Pepco customers are lashing out at the utility in the aftermath of June's derecho. At a packed hearing, Maryland regulators heard from customers fed up with Pepco's performance. Hundreds of thousands of customers lost power for days after the storm. Now Pepco is fueling another firestorm calling for another rate increase.
The company estimates it cost $70 to $85 million to restore power and it intends to get that money back from the very customers it has angered.
"A rate increase for Pepco is just rewarding nonperformance. It's inexcusable," said Rise Goldstein, who was at the public hearing in Rockville.
The derecho took out trees, knocked out power and left Pepco customers fuming in the heat.
"I do not understand how you can rationally justify rewarding incompetence," Ed Levian told the public service commission.
Frustrated customers urged Maryland's Public Service Commission to hold Pepco accountable.
"I'm asking you to do the right thing. Tell them they've had three strikes and they're out," Catherine Picar told the commissioners.
All that outrage didn't stop Pepco Holdings' Chairman, President and Chief Executive Officer Joe Rigby from telling investors during a conference call it will seek a rate hike in the fall. He did not say how much Pepco would seek to increase rates.
Last month, regulators rejected all but $18 million of the $68 million Pepco requested.
"We view the commission's unwillingness to adopt mechanisms that would enable timely cost recovery to be disappointing in that it will necessitate the filing of frequent rate cases," Rigby said.
During the height of the June 29th storm, more than 702,000 Pepco customers lost power in the region - equal to 38 percent of its customers. The company took heat for its response in the aftermath of the storm from people without power, some more than a week in excessive temperatures. State and local lawmakers criticized the utility, calling for fines against Pepco for what they called poor performance.
News of the request for a new rate hike came while Pepco Holdings, the utility's parent company, released its second quarter earnings. The company earned a $62 million profit, down from $95 million a year ago. The utility itself earned $27 million, a loss of $5 million from a year earlier.

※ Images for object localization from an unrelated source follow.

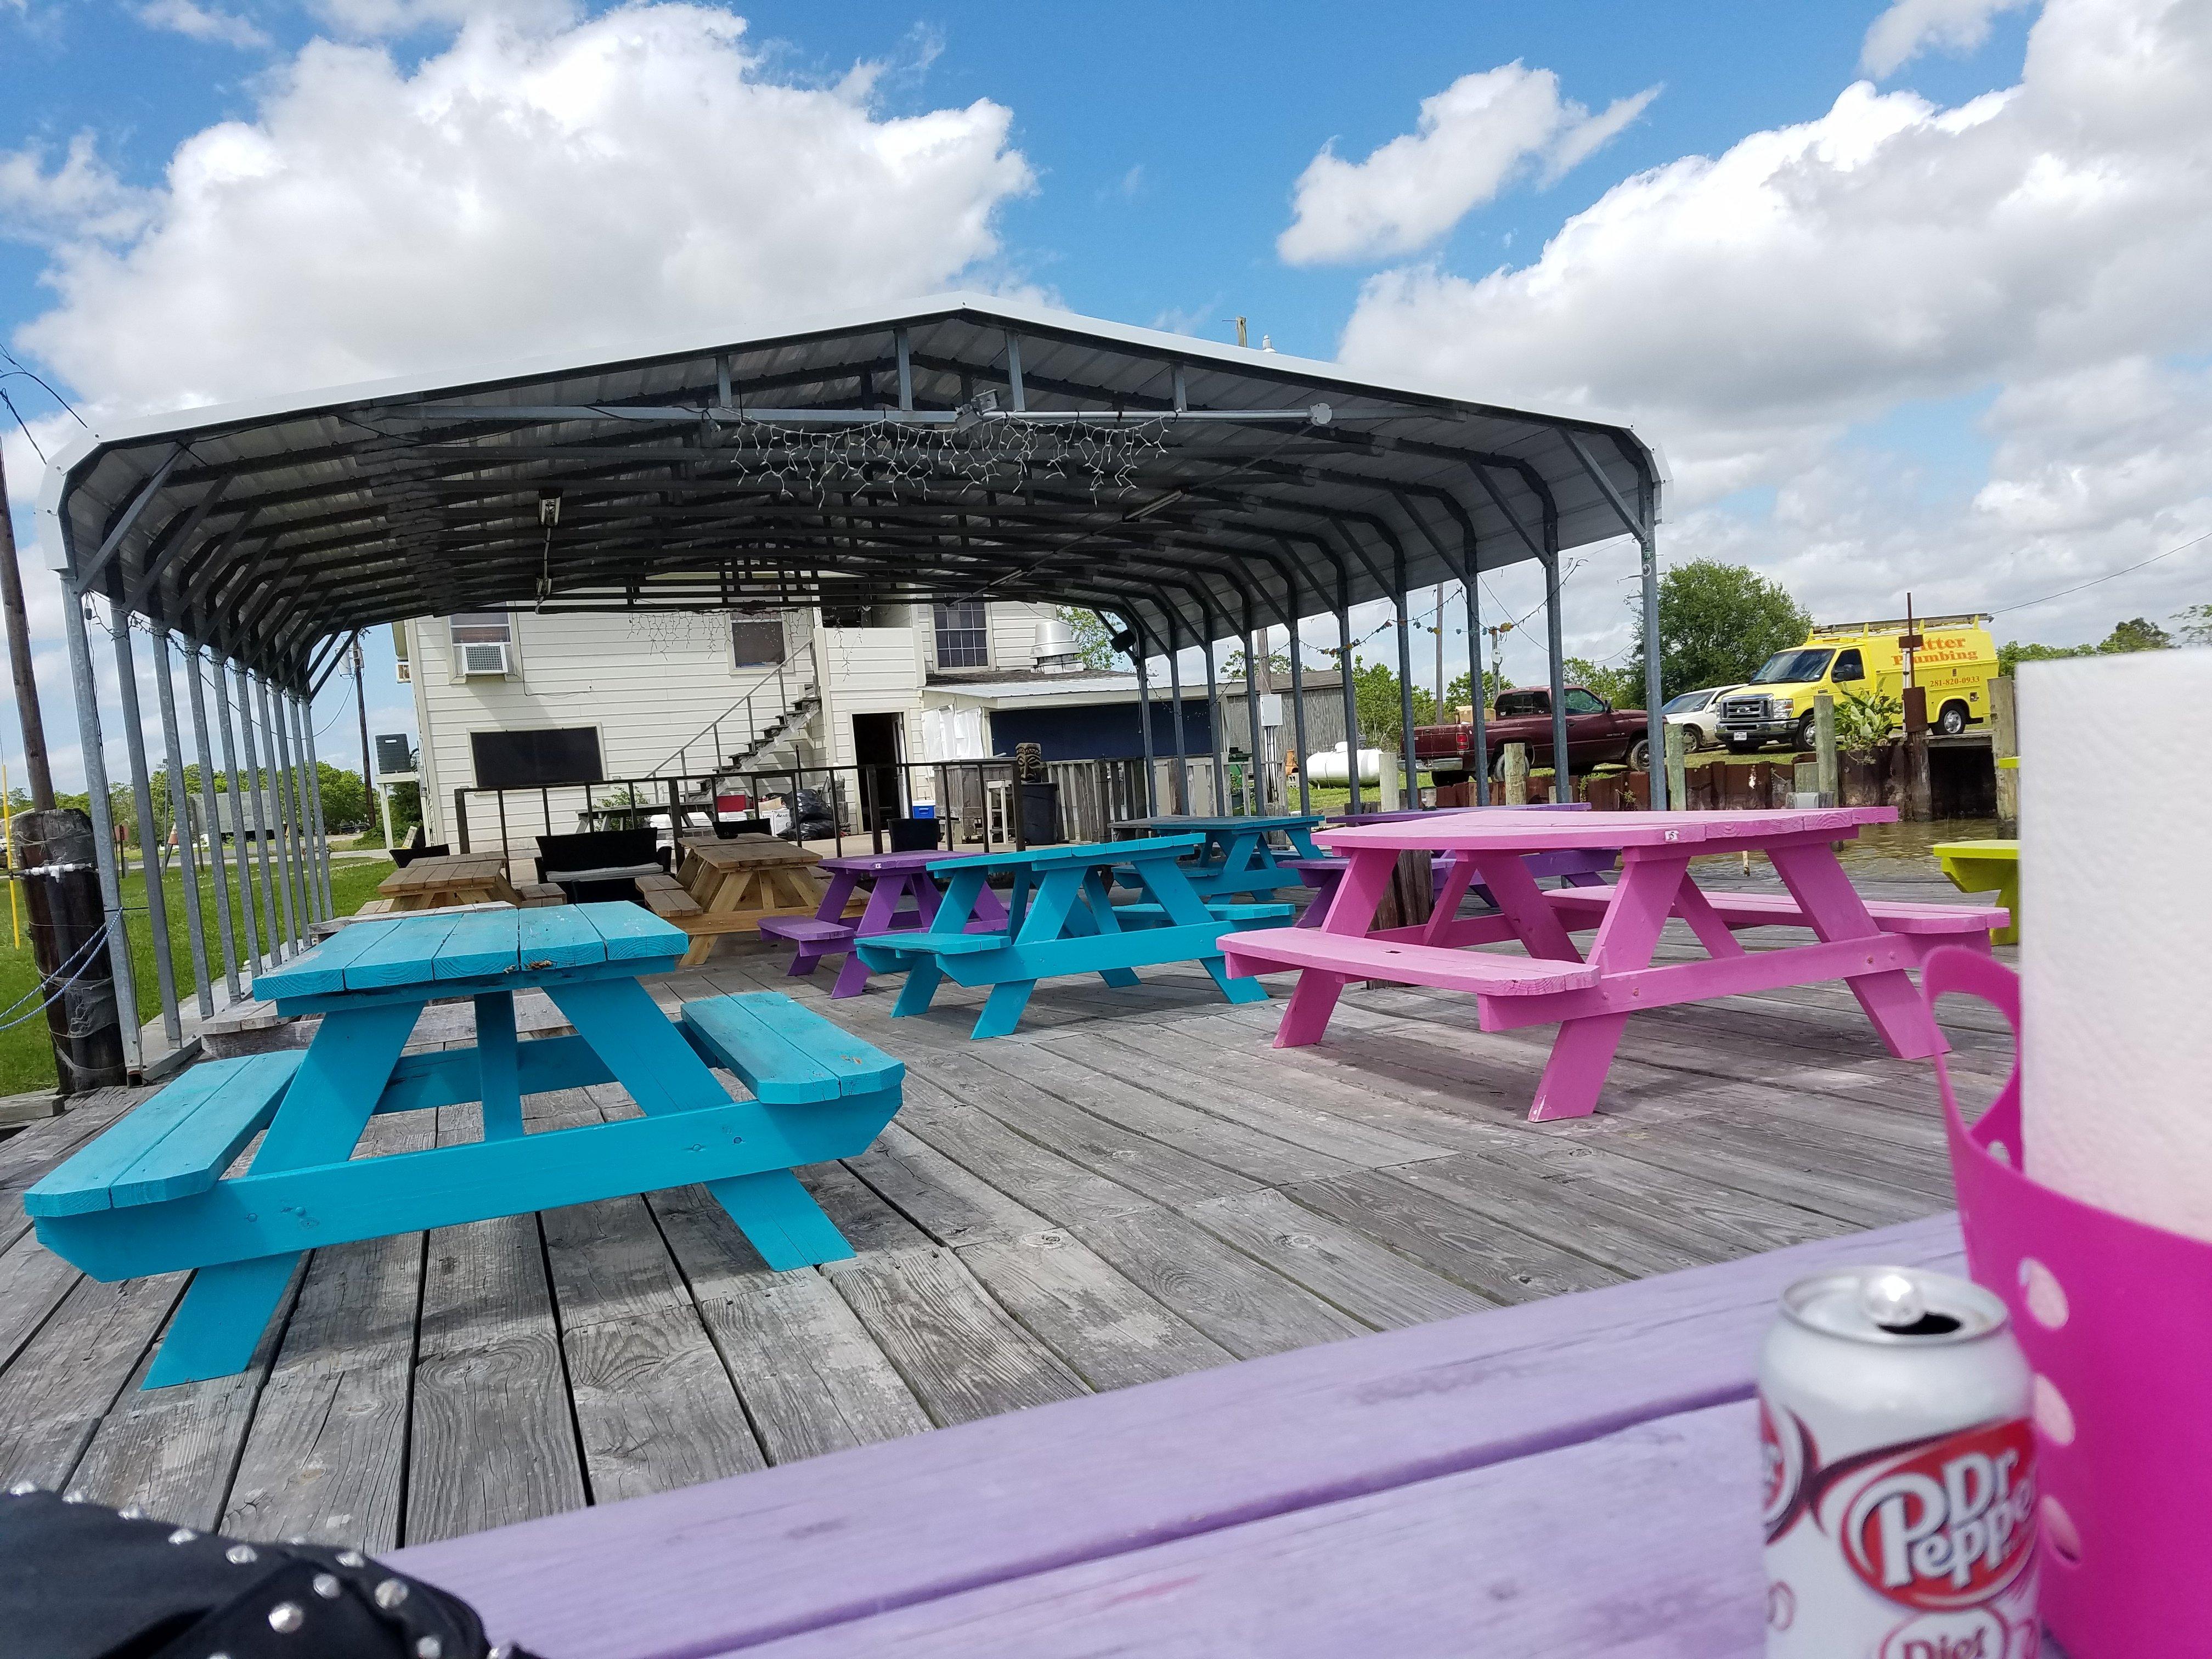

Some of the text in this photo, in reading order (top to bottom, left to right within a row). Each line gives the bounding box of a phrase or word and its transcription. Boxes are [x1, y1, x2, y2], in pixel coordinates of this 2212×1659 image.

[1891, 651, 1978, 666] Pumbing
[1929, 676, 1980, 687] 281-820-0933
[1942, 1448, 2019, 1524] Dr
[1848, 1471, 2032, 1589] Peppe
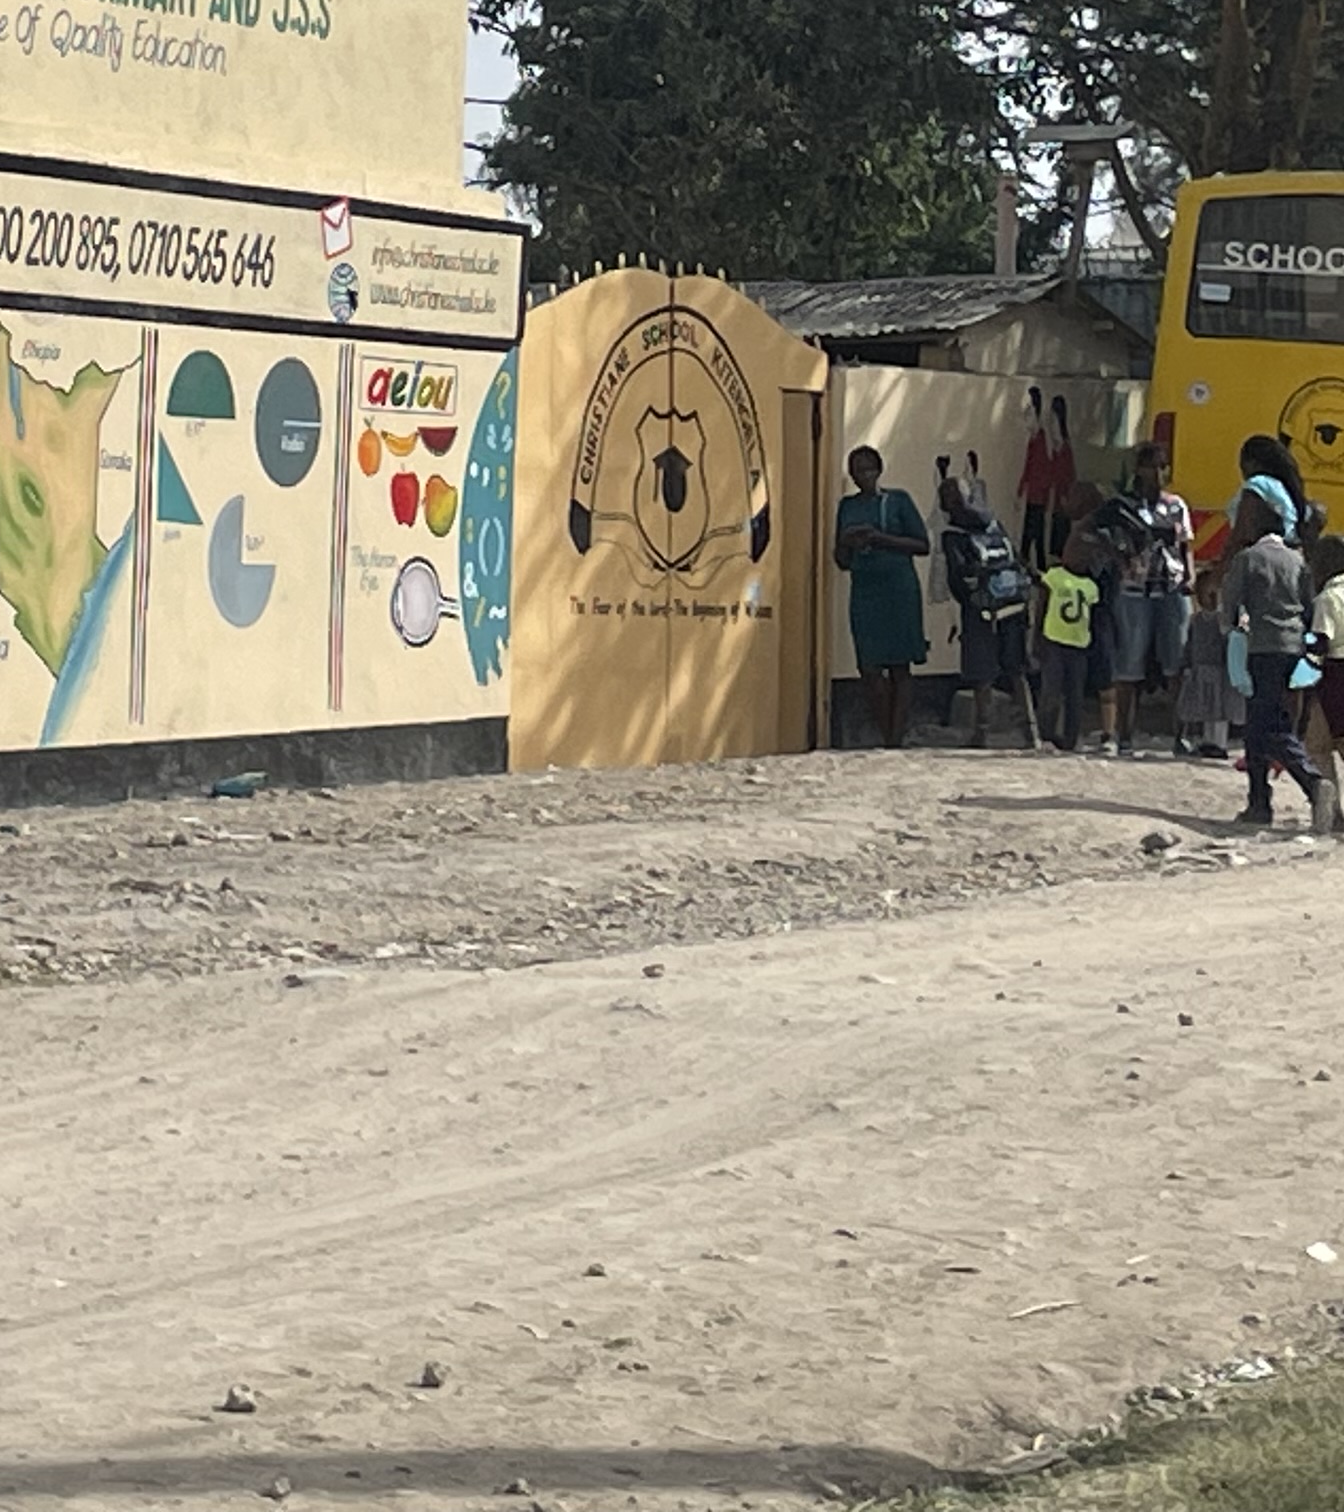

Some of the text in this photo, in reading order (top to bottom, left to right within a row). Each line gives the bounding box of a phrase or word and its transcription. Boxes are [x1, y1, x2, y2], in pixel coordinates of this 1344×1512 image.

[25, 209, 74, 268] 200
[128, 220, 182, 277] 0710
[182, 227, 228, 284] 565
[232, 232, 276, 289] 646
[366, 361, 453, 411] aeiou
[579, 346, 631, 486] CHRISTIANE
[641, 320, 700, 352] SCHOOL
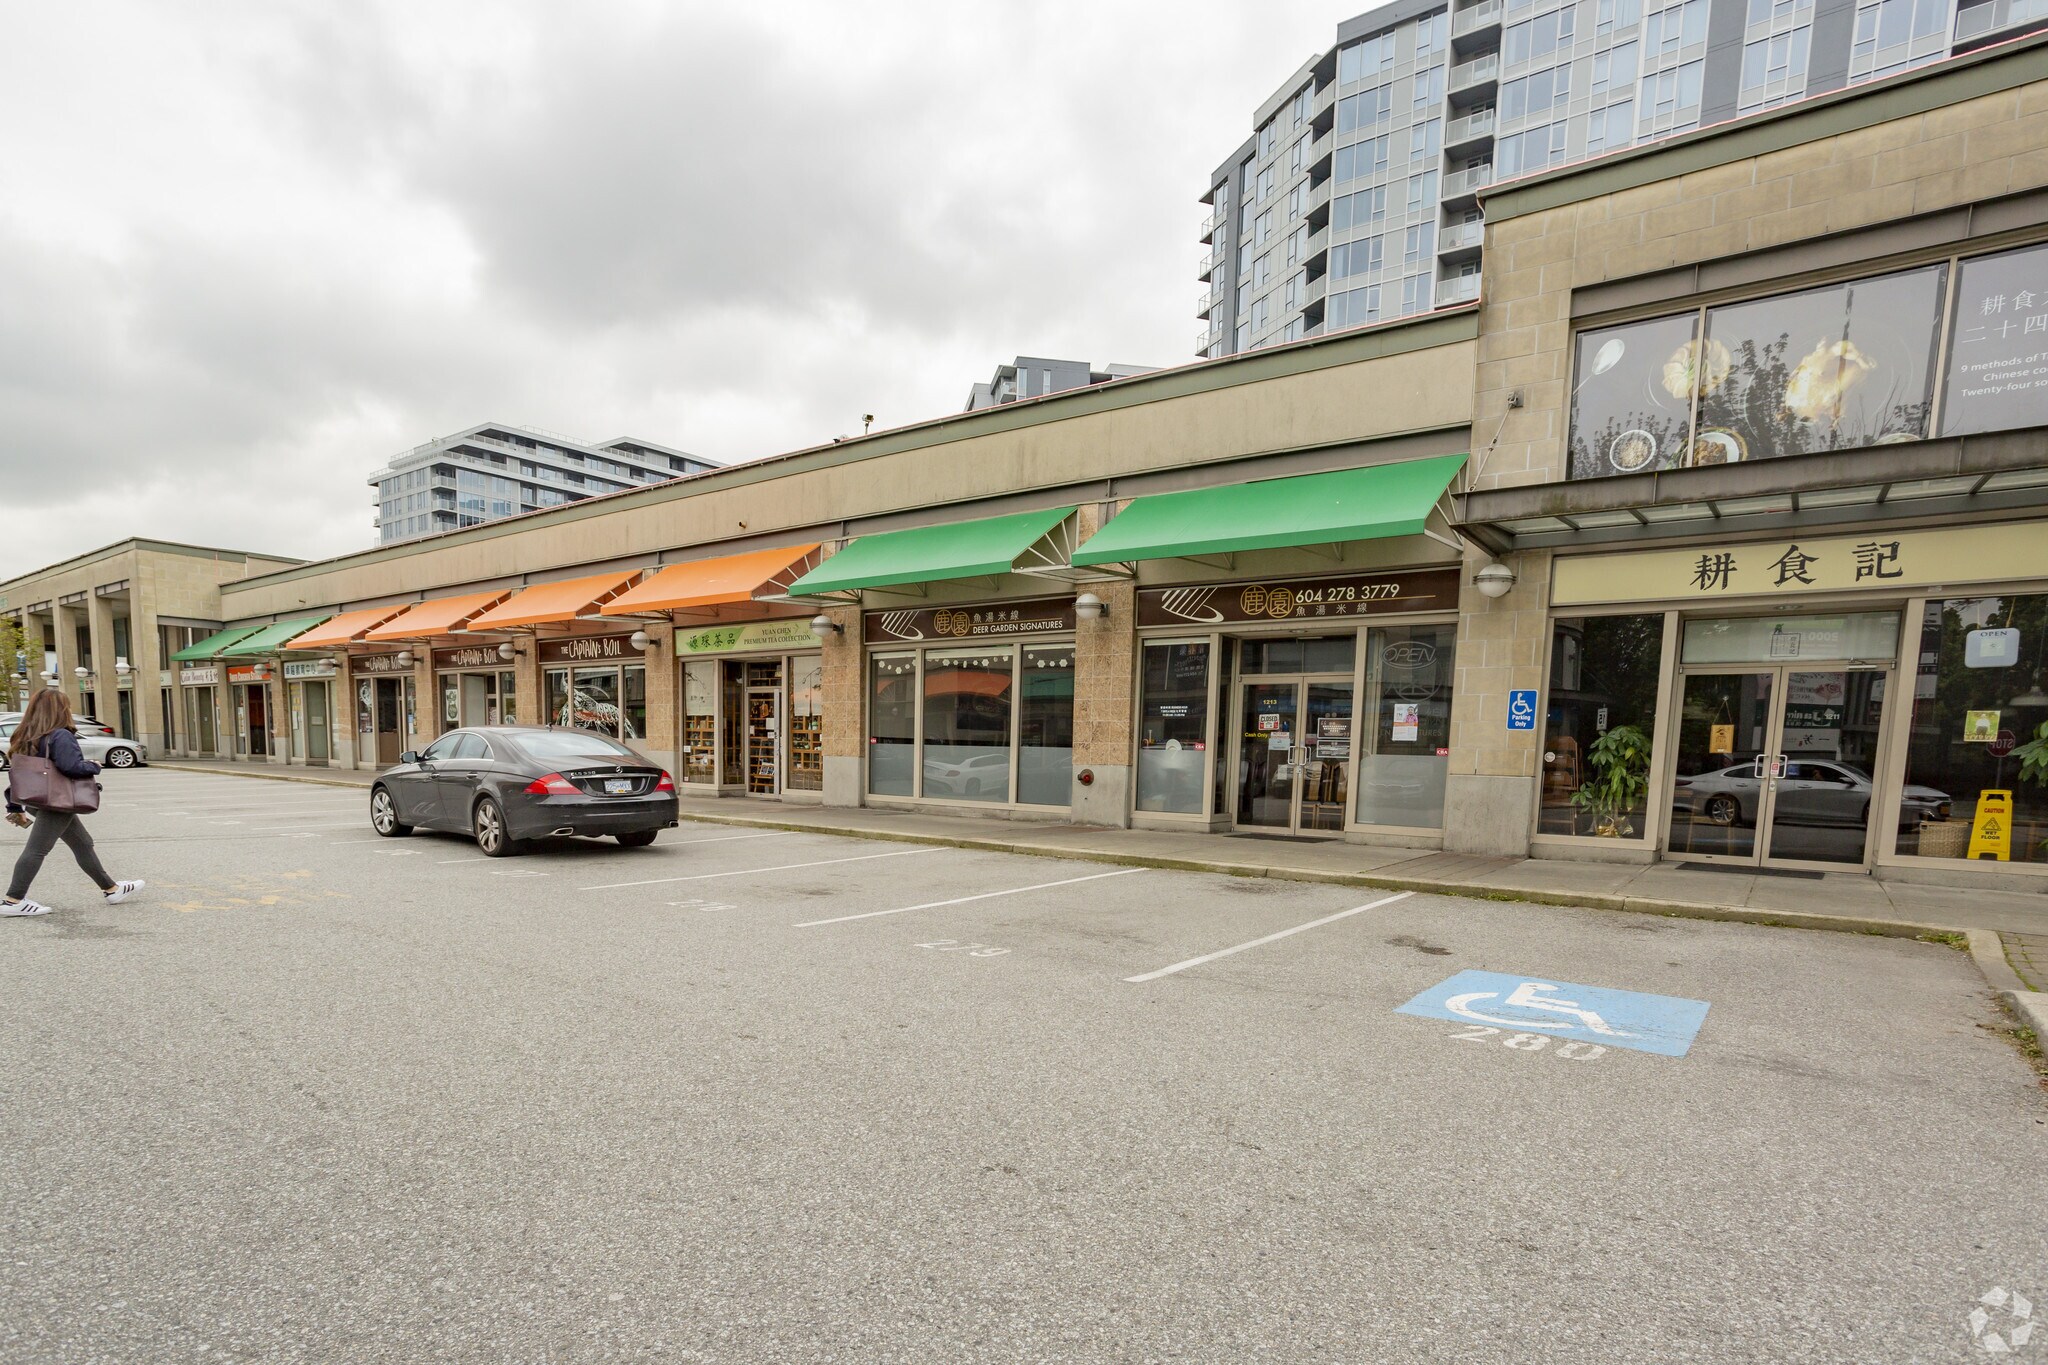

Company executives suggested they would seek legislative relief to Pepco's regulatory problems, but that it would continue to push for rate hikes too.
"Our plan B has always been to just keep filing rate cases every nine months and that's what we plan to do ... I just think we keep pounding, pounding the rate cases drum," said Pepco's chief regulatory officer Tony Kamerick.
Consider those fighting words.
"We're going to have to keep fighting, every quarter, every year, every rate increase, everything they put on the table," said Montgomery County Council Member Hans Riemer (D-At Large).
As its customers suffer, Pepco rewarded shareholders with higher dividends for the last quarter. The company's top executive doesn't get the outrage.
"We performed right in line with, and in some cases, better than the other regional utilities, and yet there seems to be a just very harsh tone taken towards Pepco," said Rigby.
These massive outages aren't a one time occurrence for Pepco, with reliability some compare to a third world country.
"I grew up after World War II ... We had bomb craters, but we had electricity. My wife grew up in the former Soviet Union. They had communism and they had power," said C. Ellis, a Pepco customer, as people at the hearing chuckled with laughter.
The hearing was one of two being held by the PSC to assess Pepco's performance restoring power after the storm.
The next hearing is on Wednesday, August 8 at 7 p.m. It is being held at the Rennie forum at Prince George's County Community College: 301 Largo Road, Largo, MD 20772.